Josh Beckett: Will Facing the Yankees Help Turn the Red Sox Pitcher Around?

Al DanielCorrespondent IIJuly 5, 2012

BOSTON - APRIL 04: Josh Beckett #19 of the Boston Red Sox pitches in the second inning against the New York Yankees on Opening Night at Fenway Park on April 4, 2010 in Boston, Massachusetts. (Photo by Jim Rogash/Getty Images)
Jim Rogash/Getty Images

The Boston Red Sox's record of 7-20 over the month of September, 2011 is ingrained in the fanbase’s memory, right next to 37 feet for the left-field wall and the retired uniform numbers hovering behind right field.

But does anyone remember what immediately preceded the beginning of that meltdown? That is, does anyone recall what happened on August 31 of last season?

The answer is Josh Beckett’s most recent start against the New York Yankees, an eventual 9-5 triumph at Fenway Park that gave him four wins in as many decisions on the year against the time-honored rival.

Granted, he allowed five runs on six hits and nine baserunners that evening, but Beckett simply worked with his defense and bat rack to one-up the Bombers, as he has so often done over his first six seasons in Boston.

Beckett has started 27 Sox-Yanks tilts since arriving in 2006, winning 14, losing seven and taking a no-decision six times. The team went 5-0 when Beckett started against the Pinstripes in 2011 and is 18-9 in that situation since the ace was acquired.

In the same span, including this season, Boston is 37-47 when it sends out another starter for a renewal of the rivalry.

Beckett is slated to wage his 28th bout with New York on Friday when the teams commence a four-part series at Fenway. It will be Boston’s second game since crossing the halfway mark of the 2012 season and Beckett’s first venture since a loss in Seattle that could not be blamed on him.

Last Saturday, Beckett authorized two runs on four hits in six full innings of work. His relievers combined to yield five hits and six baserunners within 4.1 innings, with losing pitcher Alfredo Aceves utterly falling apart in the bottom of the 11th.

Meanwhile, the Red Sox outhit the host Mariners 11-9, only to strand 10 runners, including four in scoring position and two on third base. All they could muster was a two-run seventh that drew a 2-2 knot and took Beckett off the hook.

Returning from a 2-5 letdown against two ostensibly weaker adversaries on the west coast, the Sox are two games above .500 and tied with Toronto for last in the ultra-competitive American League East. Yet they are also tied with the Blue Jays for the second-best offensive output in the majors with 411 runs scored.

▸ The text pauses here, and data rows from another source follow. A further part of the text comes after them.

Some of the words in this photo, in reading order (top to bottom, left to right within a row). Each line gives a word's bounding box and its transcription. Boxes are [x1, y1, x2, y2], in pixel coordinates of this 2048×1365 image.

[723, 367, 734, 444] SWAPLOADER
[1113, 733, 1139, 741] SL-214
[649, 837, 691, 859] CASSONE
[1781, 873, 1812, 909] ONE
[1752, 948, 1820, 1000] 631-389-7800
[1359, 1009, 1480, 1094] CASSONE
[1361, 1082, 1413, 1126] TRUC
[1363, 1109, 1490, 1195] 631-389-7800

With timelier hitting and better baserunning, they most likely would have emerged with a winning record on their latest road swing. It would not have taken much more than what they actually mustered to reward the likes of Beckett and Jon Lester, who had a similar outing in Oakland Tuesday night and is slated to wrap up the Yankees series on Sunday.

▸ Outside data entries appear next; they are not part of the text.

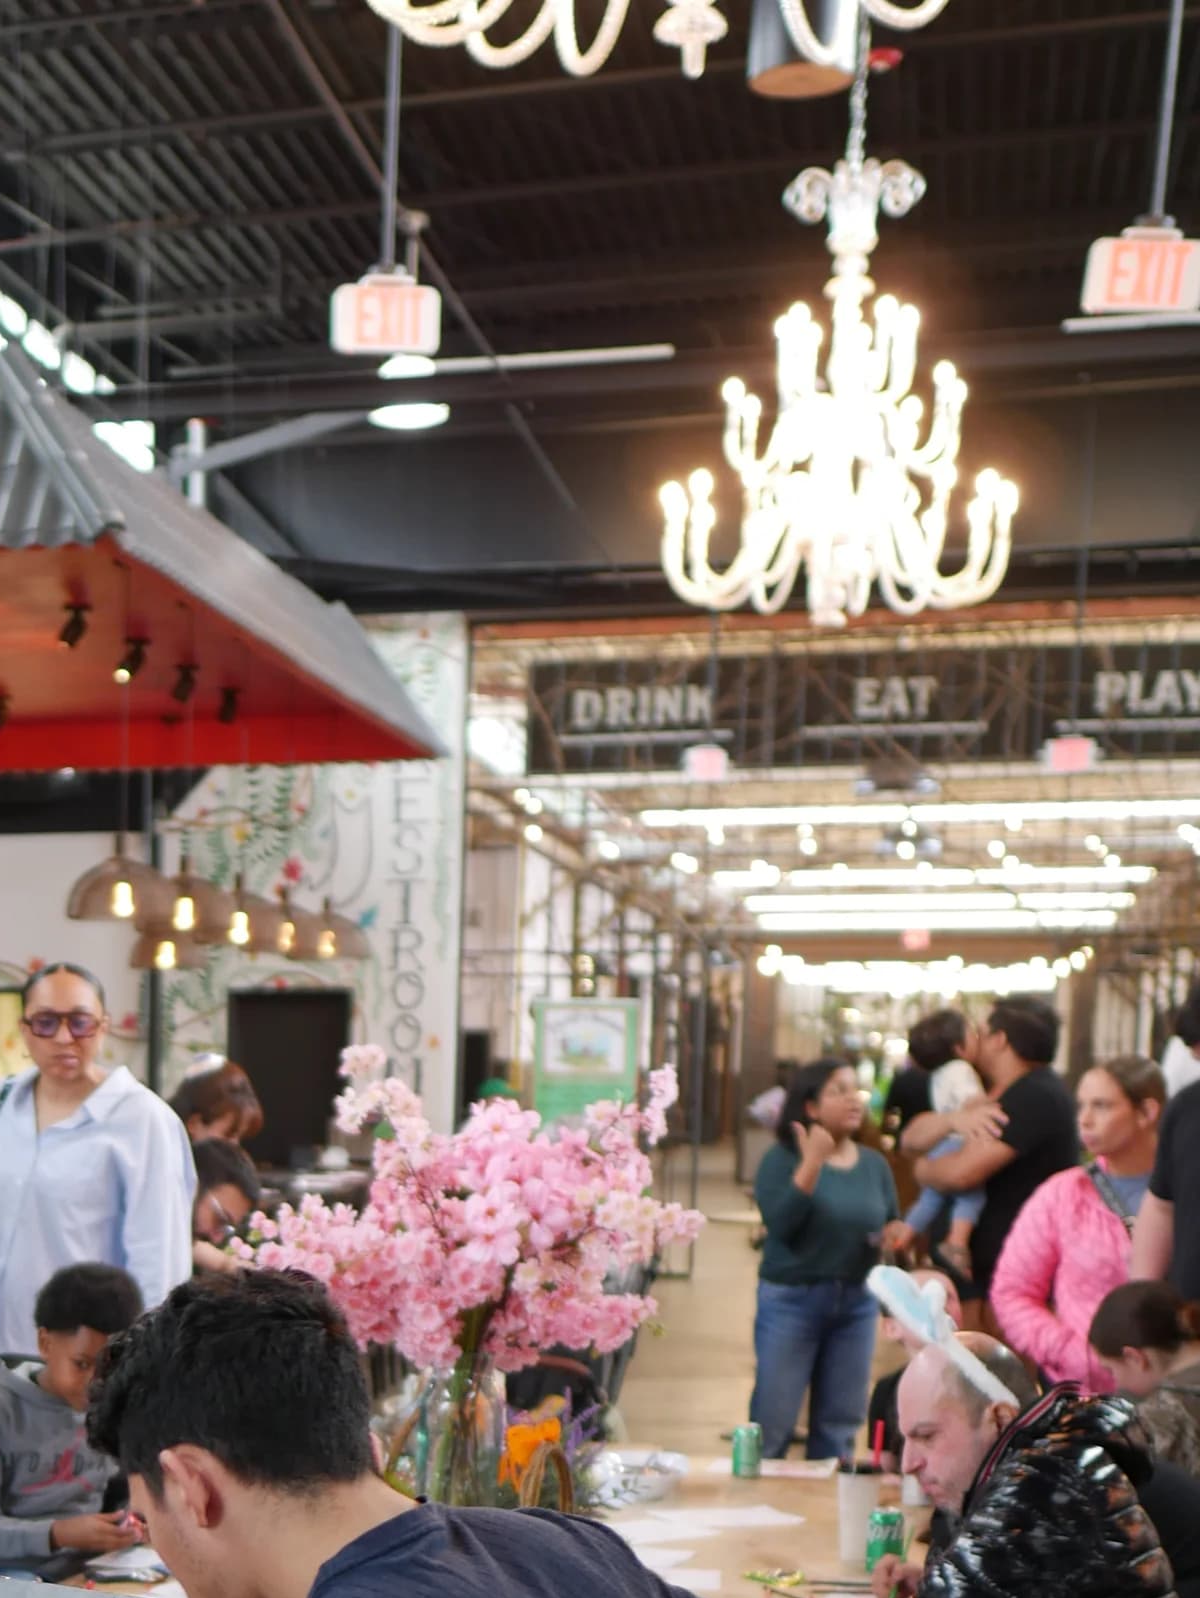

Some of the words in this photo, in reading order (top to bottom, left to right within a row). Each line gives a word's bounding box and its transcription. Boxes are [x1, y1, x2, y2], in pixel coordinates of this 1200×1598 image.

[1106, 241, 1194, 304] EXIT
[356, 287, 425, 345] EXIT
[572, 684, 713, 729] DRINK
[854, 676, 935, 719] EAT
[1094, 669, 1200, 714] PLAY

Under more favorable circumstances, Boston could have staked a partial claim to one of the A.L.’s two Wild Card spots by now. Instead, Beckett and company can start their do-over by taking the better part of this weekend’s games and at least whittling the 7.5-game deficit down to 5.5 in the East Division derby.

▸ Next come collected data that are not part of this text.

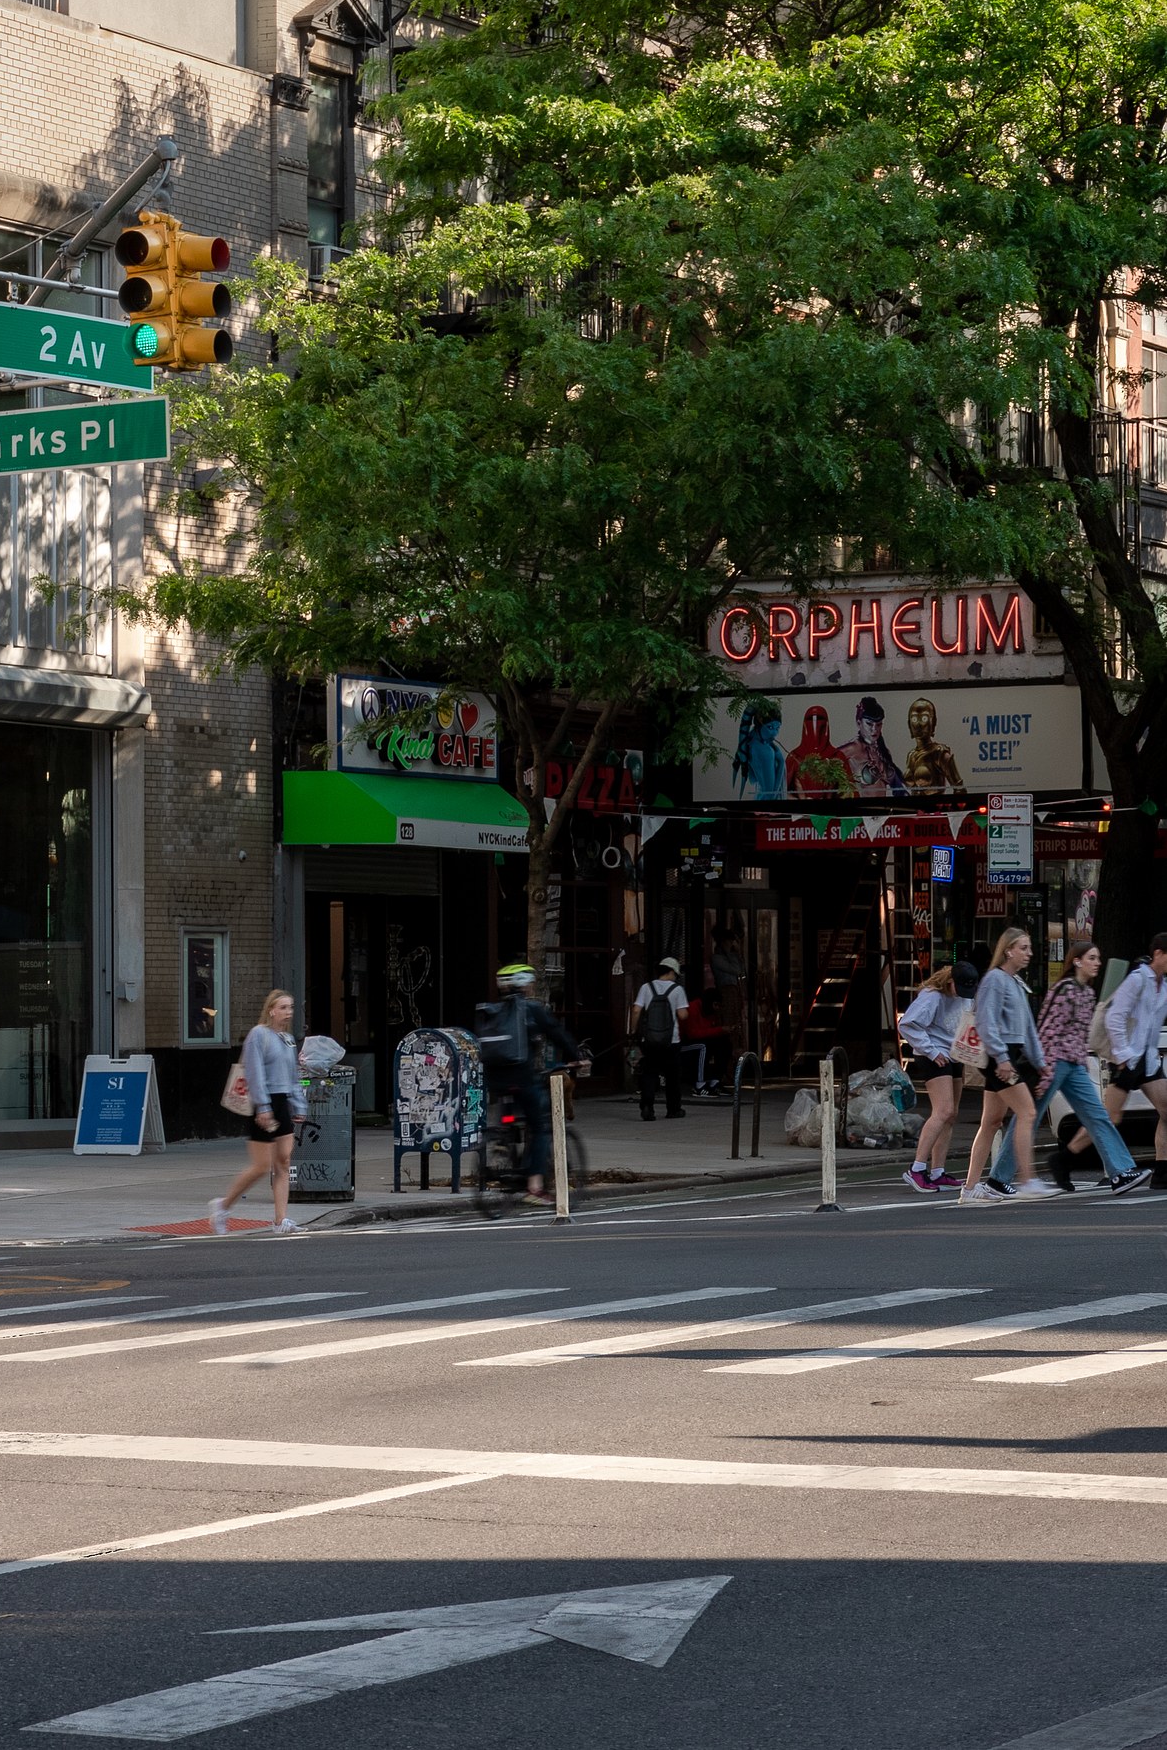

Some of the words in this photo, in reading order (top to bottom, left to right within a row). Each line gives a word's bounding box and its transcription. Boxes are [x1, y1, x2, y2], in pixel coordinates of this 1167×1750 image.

[39, 325, 57, 363] 2
[67, 330, 106, 369] Av
[81, 418, 115, 451] Pl
[720, 593, 1026, 663] ORPHEUM
[987, 714, 1032, 735] MUST
[376, 724, 434, 770] Kind
[437, 732, 495, 769] CAFE
[401, 825, 414, 838] 128
[766, 828, 786, 841] THE
[831, 826, 867, 840] STIPS
[871, 824, 901, 839] ACK:
[992, 826, 999, 837] 2
[1034, 839, 1067, 851] STRIPS
[1070, 838, 1099, 851] BACK:
[934, 850, 950, 863] BUD
[990, 874, 1021, 883] 105479
[976, 881, 1003, 893] CIGAR
[977, 898, 1003, 913] ATM
[107, 1076, 125, 1090] SI

Another four sets of three games apiece with the Yanks will follow over the coming weeks and months, amounting to a maximum of four more potential big-game hunts for Beckett.

As much as Beckett has been rightly maligned for co-piloting the Sox through last year’s crash and burn and being of little help through the first half of 2012, he can still pass a telling test of commitment.

All through the unlikely unraveling of the 2011 campaign and amid his building a not-so-flattering, team-leading 4.06 ERA, he has yet to encounter the team’s topmost obstacle to replenishing its playoff viability.

That will change when he is summoned to thrust Friday’s first pitch, and his performance will all but set the tone, both from an individual and group standpoint, for the second half of the season.